What this thinking does not take into consideration is how the pandemic has structurally changed the way people view life, business, and security. There are several studies showing that even after the pandemic, many businesses are going to allow their employees to continue to work from home. Now that the adjustment phase is done, many employees enjoy the freedom, flexibility, and comfort that come from working from home. This will only lead to increased investments in private and public clouds.
Even before the pandemic, some companies started using tools, such as cloud-based accounting and invoicing systems, to keep their finances well organized and easier to access. When the pandemic took over the world, these tools helped many businesses operate smoothly, since the majority of their workforce started working remotely.
Cloud-based videoconferencing technologies have changed how businesses communicate with each other. Since face-to-face travel was not possible, conference tools like Zoom stepped in to fill the void. Now, it’s clear that most communication can be done virtually. There is not always the need to spend money on travel. Advances in cloud technology will help to improve the speed, quality, and reliability of video conferencing.
Some enterprises may have been reluctant to use cloud-based productivity tools prior to the pandemic. They may have seen them as gimmicky or offering no intrinsic value. Now that they have been forced to use these tools over the past few months, their ease-of-use and flexibility have become apparent.
Cloud-based productivity tools are cost-saving tools. As the effect of these tools is seen on the company’s bottom lines, they are altering their strategies to embrace cloud technology.

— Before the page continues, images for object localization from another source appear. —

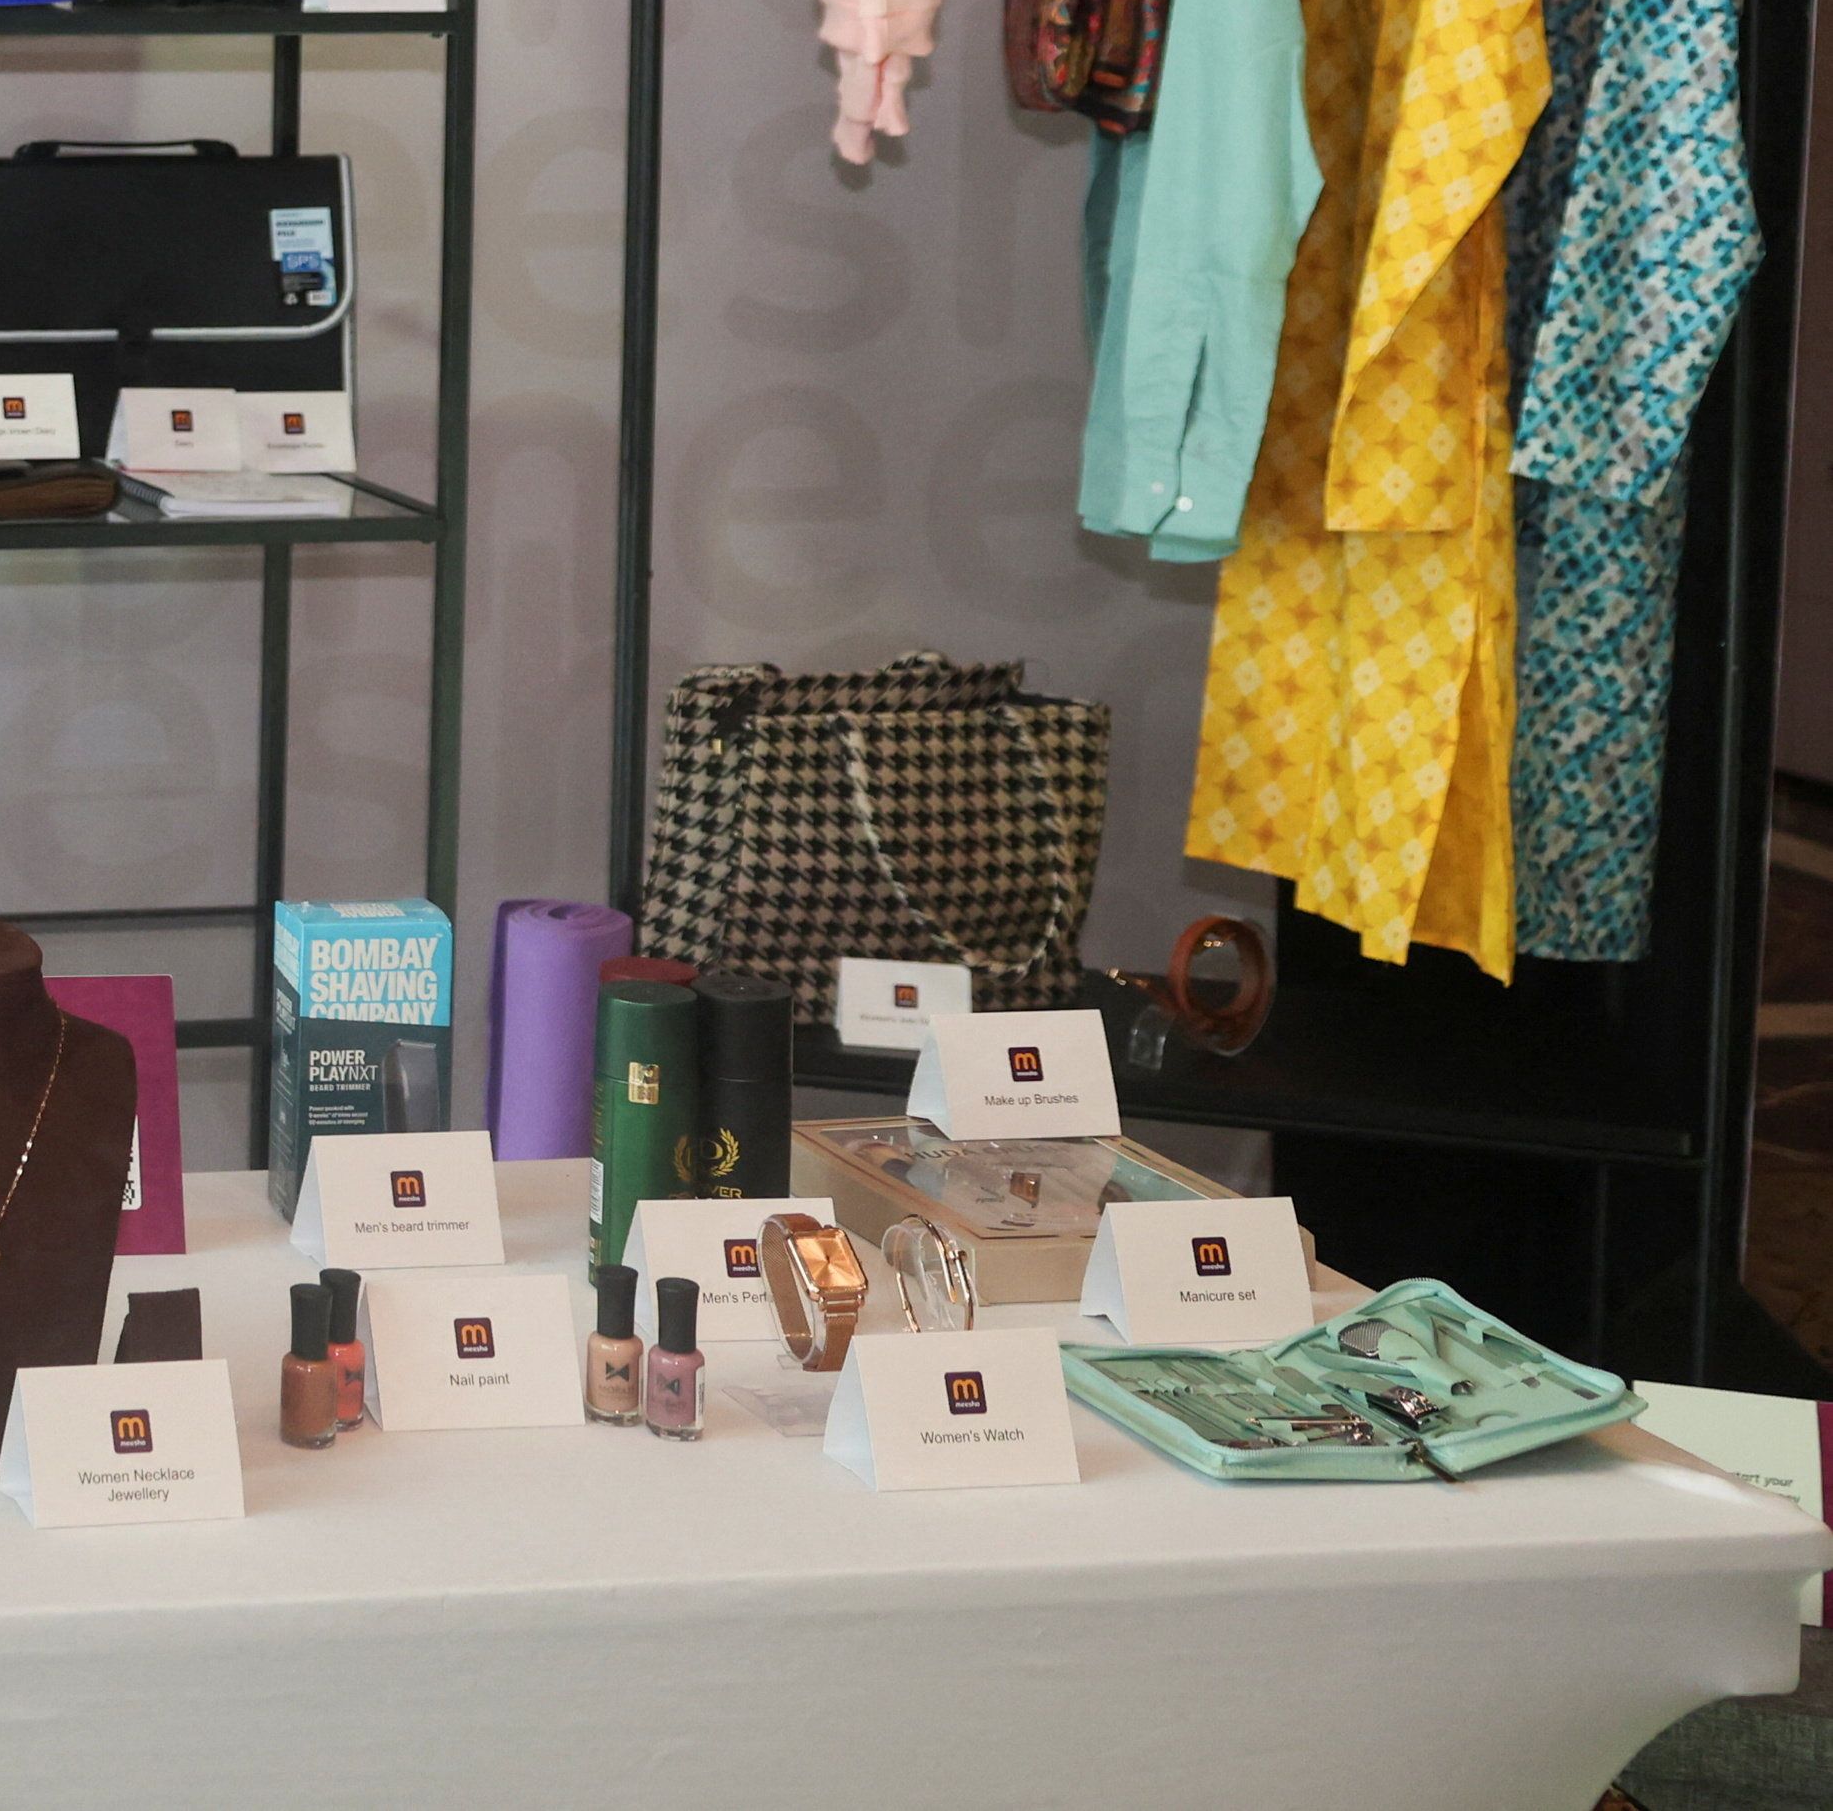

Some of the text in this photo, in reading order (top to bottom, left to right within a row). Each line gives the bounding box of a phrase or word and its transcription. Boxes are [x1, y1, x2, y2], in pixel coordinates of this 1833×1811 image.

[309, 937, 439, 971] BOMBAY
[309, 969, 438, 1002] SHAVING
[308, 1001, 437, 1026] COMPANY
[309, 1050, 366, 1066] POWER
[309, 1065, 379, 1082] PLAYNXT
[309, 1083, 371, 1092] BEARD TRIMMER
[984, 1093, 1079, 1107] Make up Brushes
[355, 1219, 470, 1234] Men's beard trimmer
[702, 1292, 739, 1304] Men's
[1180, 1289, 1257, 1303] Manicure set
[450, 1373, 510, 1388] Nail paint
[920, 1428, 1025, 1444] Women's Watch
[78, 1467, 195, 1485] Women Necklace
[1764, 1477, 1793, 1487] your
[108, 1487, 170, 1503] Jewellery

Saving money will always be fashionable for businesses regardless of if there is a pandemic or not.
Cloud Services Will Be Less Optional and More Essential in 2021
The COVID-19 pandemic has transformed cloud tools, storage, and infrastructure into essential services for many organizations. What is interesting to see is how more small to medium-sized businesses are adopting cloud services.

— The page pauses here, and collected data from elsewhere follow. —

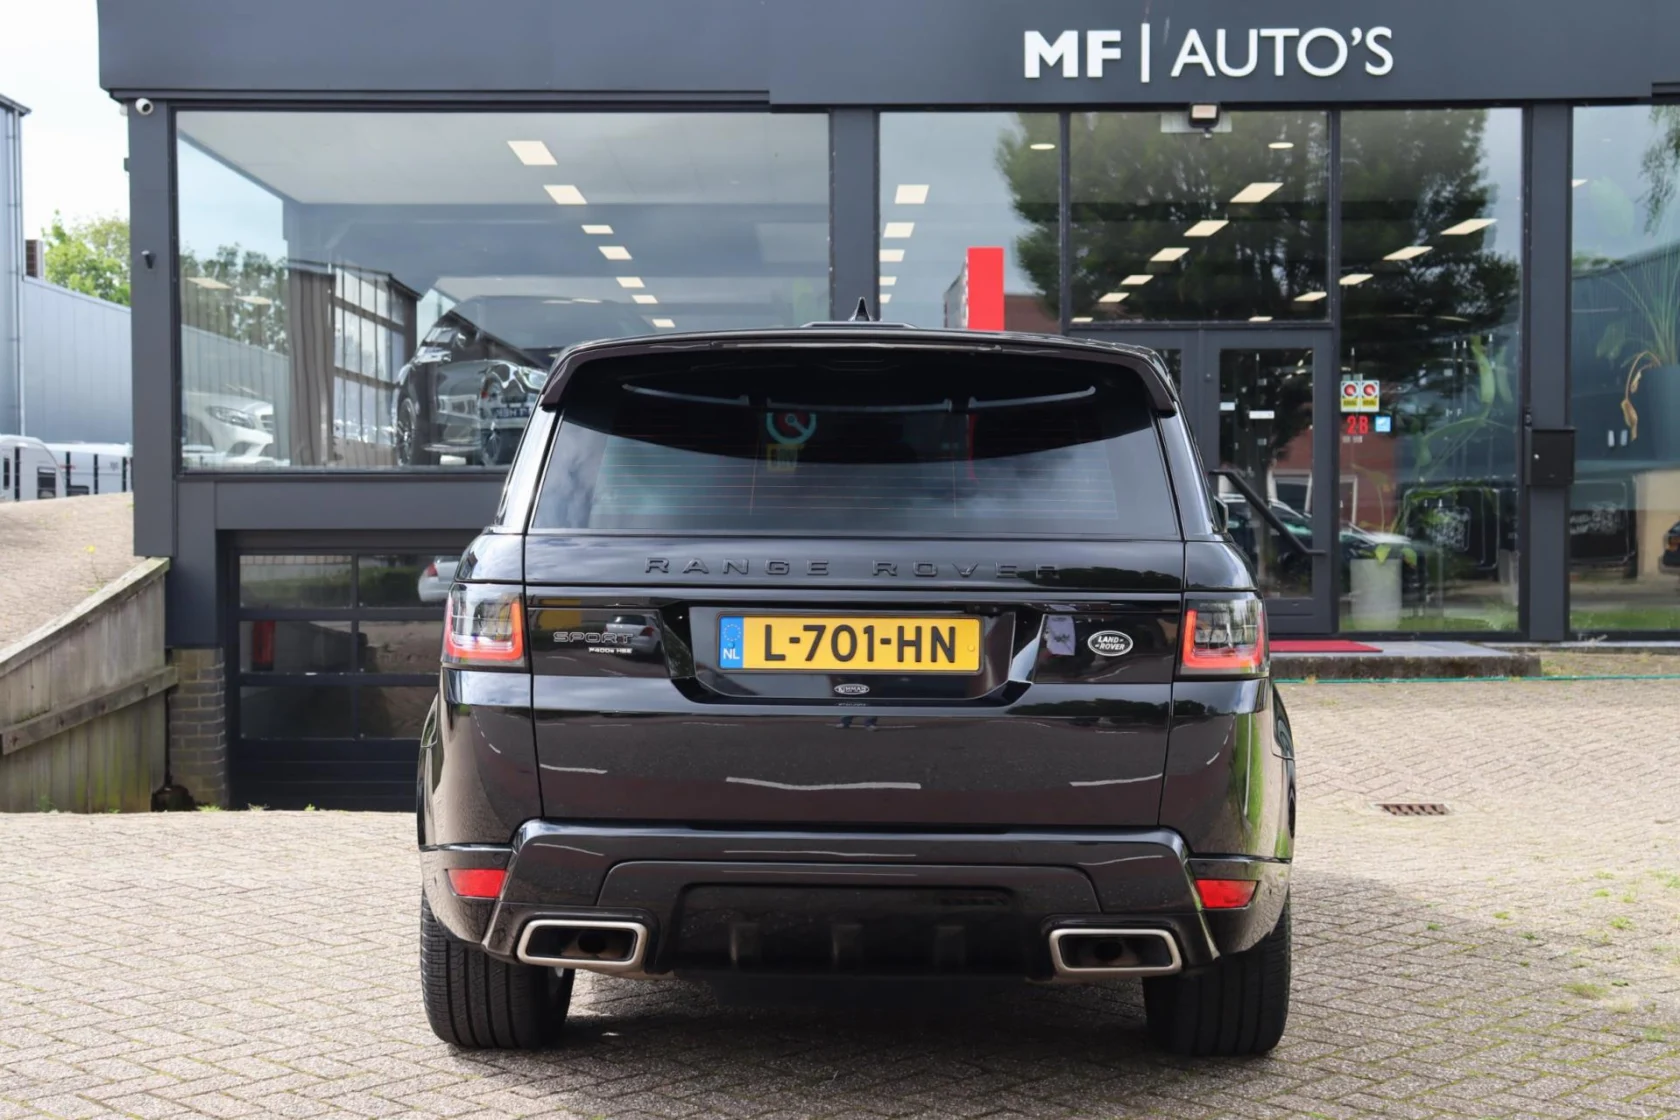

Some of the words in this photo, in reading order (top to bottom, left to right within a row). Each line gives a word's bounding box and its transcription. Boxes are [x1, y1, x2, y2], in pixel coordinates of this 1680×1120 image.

[1024, 30, 1122, 78] MF
[1170, 26, 1394, 78] AUTO'S
[644, 557, 830, 576] RANGE
[872, 560, 1061, 580] ROVER
[553, 631, 634, 644] SPORT
[763, 623, 956, 664] L-701-HN
[723, 648, 740, 660] NL
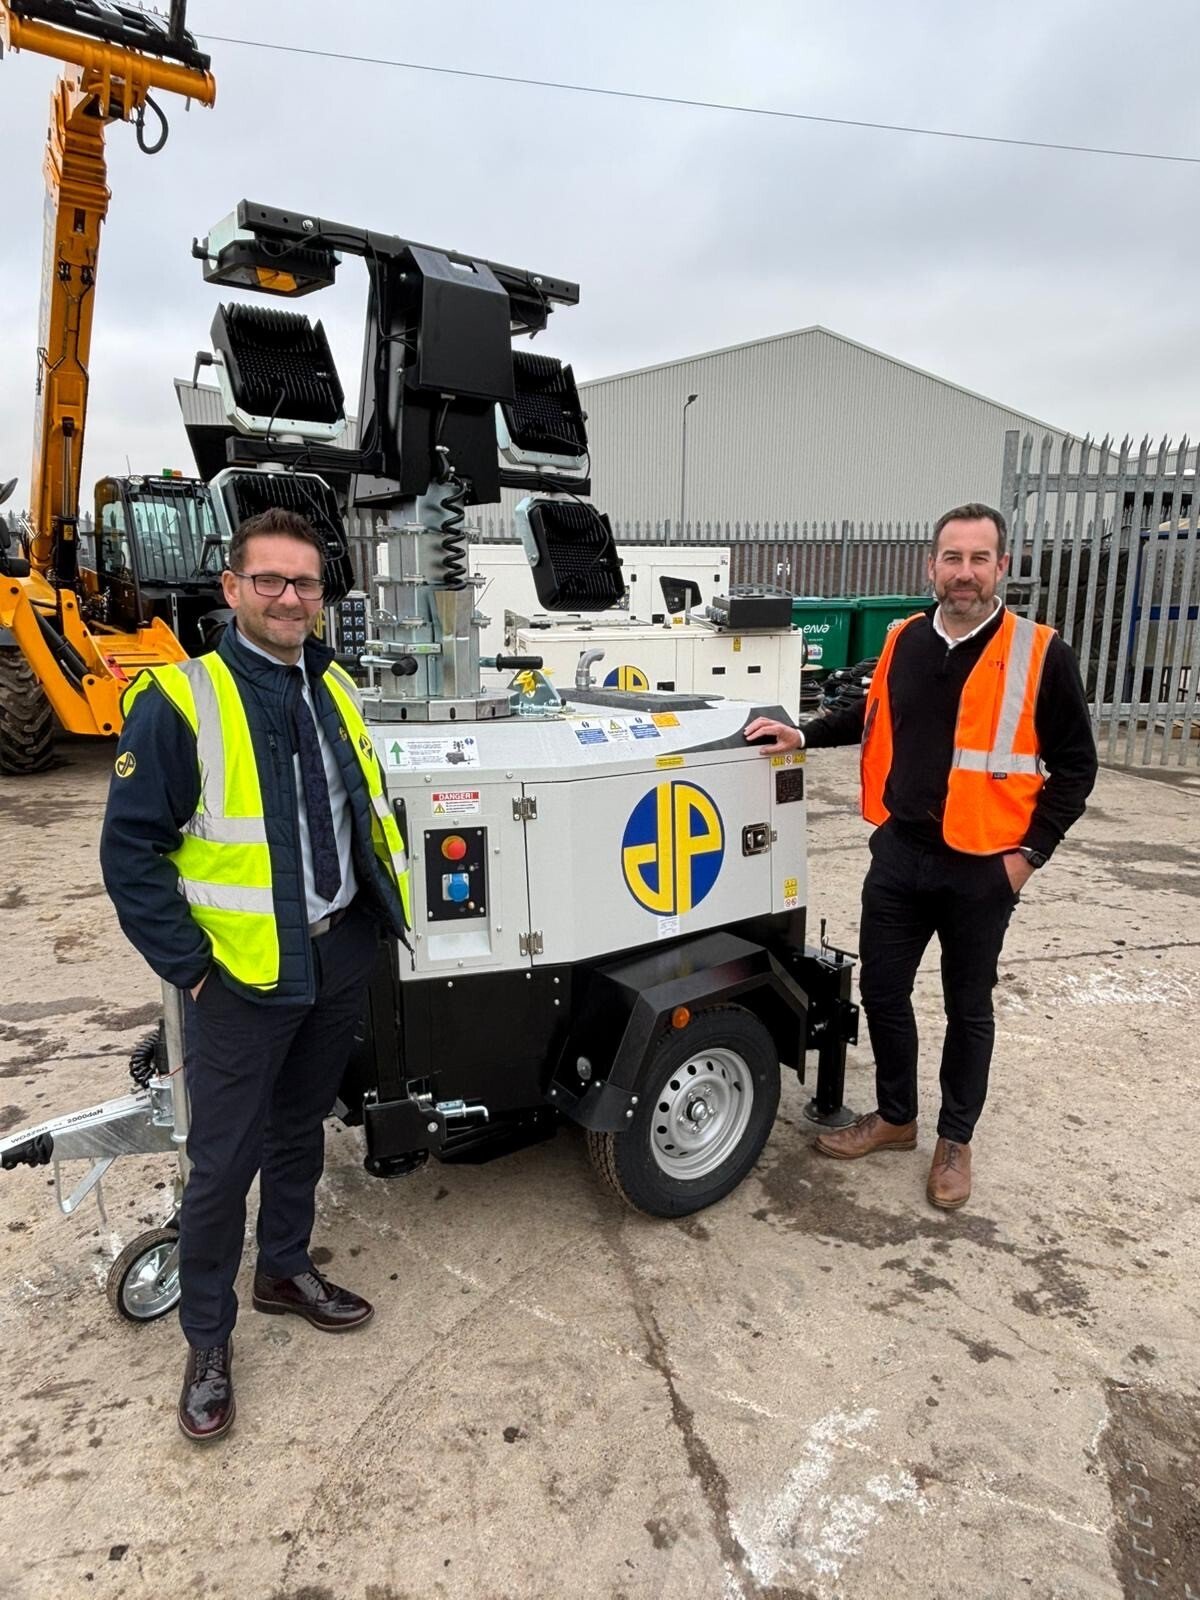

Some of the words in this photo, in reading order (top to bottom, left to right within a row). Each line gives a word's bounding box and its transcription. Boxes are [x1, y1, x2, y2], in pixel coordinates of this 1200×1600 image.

[803, 624, 830, 634] enva
[439, 792, 473, 800] DANGER!
[622, 780, 725, 916] JP
[67, 1108, 103, 1123] 2000daN

Around the world, CIOs are being forced to trim costs. They have been encouraged to invest in cloud technology as it improves the stability of business and is a contributor to long-term growth.
When you look at businesses that have survived 2020, you see that most had previously integrated cloud solutions into their business model. If these businesses are going to survive through 2021, they will need to adopt a comprehensive approach to managing cloud services. They will need to identify ways that cloud technologies can help them streamline costs. They will need to find creative ways to use cloud services to create the infrastructure their organization needs to power their workforce and drive innovation.